WHAT IS EXPECTED:
With the line containing "this 2048×1536 image." as the first line and the last line of the records as the final one, reproduce that range exactly.

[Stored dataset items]
★ ★ ★

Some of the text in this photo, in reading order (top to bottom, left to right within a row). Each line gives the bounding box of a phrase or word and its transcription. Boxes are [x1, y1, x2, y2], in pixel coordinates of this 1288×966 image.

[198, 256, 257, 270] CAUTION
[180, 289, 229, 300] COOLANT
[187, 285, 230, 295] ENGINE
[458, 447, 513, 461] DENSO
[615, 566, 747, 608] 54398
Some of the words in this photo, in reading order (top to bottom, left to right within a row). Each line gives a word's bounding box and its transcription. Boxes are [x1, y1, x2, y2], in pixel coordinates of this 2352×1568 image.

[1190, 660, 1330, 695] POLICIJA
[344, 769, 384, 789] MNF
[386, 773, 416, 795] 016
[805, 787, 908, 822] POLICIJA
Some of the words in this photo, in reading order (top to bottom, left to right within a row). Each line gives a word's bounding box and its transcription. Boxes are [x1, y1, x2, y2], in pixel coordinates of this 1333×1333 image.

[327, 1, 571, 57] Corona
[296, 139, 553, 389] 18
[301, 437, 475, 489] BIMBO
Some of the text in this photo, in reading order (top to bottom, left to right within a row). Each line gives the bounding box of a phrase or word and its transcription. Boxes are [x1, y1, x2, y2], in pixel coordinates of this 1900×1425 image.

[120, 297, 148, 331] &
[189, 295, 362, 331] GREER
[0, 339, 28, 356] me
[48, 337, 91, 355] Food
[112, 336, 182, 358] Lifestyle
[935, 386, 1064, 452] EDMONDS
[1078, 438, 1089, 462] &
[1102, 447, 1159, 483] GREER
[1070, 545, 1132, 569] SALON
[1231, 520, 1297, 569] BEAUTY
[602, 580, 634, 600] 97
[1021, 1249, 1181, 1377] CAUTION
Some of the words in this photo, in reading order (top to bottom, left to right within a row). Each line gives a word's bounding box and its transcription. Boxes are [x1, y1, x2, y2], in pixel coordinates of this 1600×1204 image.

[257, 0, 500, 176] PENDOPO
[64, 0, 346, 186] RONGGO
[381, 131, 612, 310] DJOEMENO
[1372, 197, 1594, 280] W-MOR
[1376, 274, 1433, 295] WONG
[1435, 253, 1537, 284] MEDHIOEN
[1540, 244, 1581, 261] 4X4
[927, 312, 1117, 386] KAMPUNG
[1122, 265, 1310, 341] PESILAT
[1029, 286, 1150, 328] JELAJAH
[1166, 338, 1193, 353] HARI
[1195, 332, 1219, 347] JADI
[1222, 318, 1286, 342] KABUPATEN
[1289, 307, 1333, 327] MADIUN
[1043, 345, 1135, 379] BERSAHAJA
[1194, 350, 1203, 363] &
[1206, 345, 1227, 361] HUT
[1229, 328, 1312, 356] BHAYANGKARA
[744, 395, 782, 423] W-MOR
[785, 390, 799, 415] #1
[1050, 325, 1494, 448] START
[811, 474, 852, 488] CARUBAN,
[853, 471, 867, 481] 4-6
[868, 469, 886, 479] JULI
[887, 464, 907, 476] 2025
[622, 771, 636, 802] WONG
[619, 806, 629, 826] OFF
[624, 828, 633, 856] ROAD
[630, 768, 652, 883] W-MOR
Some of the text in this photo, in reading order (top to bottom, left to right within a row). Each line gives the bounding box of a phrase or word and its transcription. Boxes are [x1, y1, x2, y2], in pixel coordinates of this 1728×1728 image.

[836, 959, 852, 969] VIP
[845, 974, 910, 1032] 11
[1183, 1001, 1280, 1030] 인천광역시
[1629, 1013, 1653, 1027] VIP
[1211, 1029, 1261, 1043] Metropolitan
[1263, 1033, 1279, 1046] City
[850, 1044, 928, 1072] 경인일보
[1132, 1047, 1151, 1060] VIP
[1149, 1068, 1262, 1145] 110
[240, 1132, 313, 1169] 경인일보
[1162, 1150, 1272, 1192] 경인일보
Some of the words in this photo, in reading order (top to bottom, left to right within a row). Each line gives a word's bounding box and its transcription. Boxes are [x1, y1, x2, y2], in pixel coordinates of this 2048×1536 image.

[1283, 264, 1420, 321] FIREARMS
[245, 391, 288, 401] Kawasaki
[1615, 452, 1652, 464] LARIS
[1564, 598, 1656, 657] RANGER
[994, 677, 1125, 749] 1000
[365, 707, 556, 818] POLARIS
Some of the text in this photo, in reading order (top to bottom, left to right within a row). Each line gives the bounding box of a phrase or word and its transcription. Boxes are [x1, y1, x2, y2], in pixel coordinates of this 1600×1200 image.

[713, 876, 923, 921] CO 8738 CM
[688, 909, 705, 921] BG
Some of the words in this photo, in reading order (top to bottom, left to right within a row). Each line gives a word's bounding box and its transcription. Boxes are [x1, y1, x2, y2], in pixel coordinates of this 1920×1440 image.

★ ★ ★

PROBLEM SOLUTION:
Some of the words in this photo, in reading order (top to bottom, left to right within a row). Each line gives a word's bounding box and its transcription. Boxes are [x1, y1, x2, y2], in pixel coordinates of this 2048×1536 image.

[1283, 264, 1420, 321] FIREARMS
[245, 391, 288, 401] Kawasaki
[1615, 452, 1652, 464] LARIS
[1564, 598, 1656, 657] RANGER
[994, 677, 1125, 749] 1000
[365, 707, 556, 818] POLARIS
Some of the text in this photo, in reading order (top to bottom, left to right within a row). Each line gives the bounding box of a phrase or word and its transcription. Boxes are [x1, y1, x2, y2], in pixel coordinates of this 1600×1200 image.

[713, 876, 923, 921] CO 8738 CM
[688, 909, 705, 921] BG
Some of the words in this photo, in reading order (top to bottom, left to right within a row). Each line gives a word's bounding box and its transcription. Boxes are [x1, y1, x2, y2], in pixel coordinates of this 1920×1440 image.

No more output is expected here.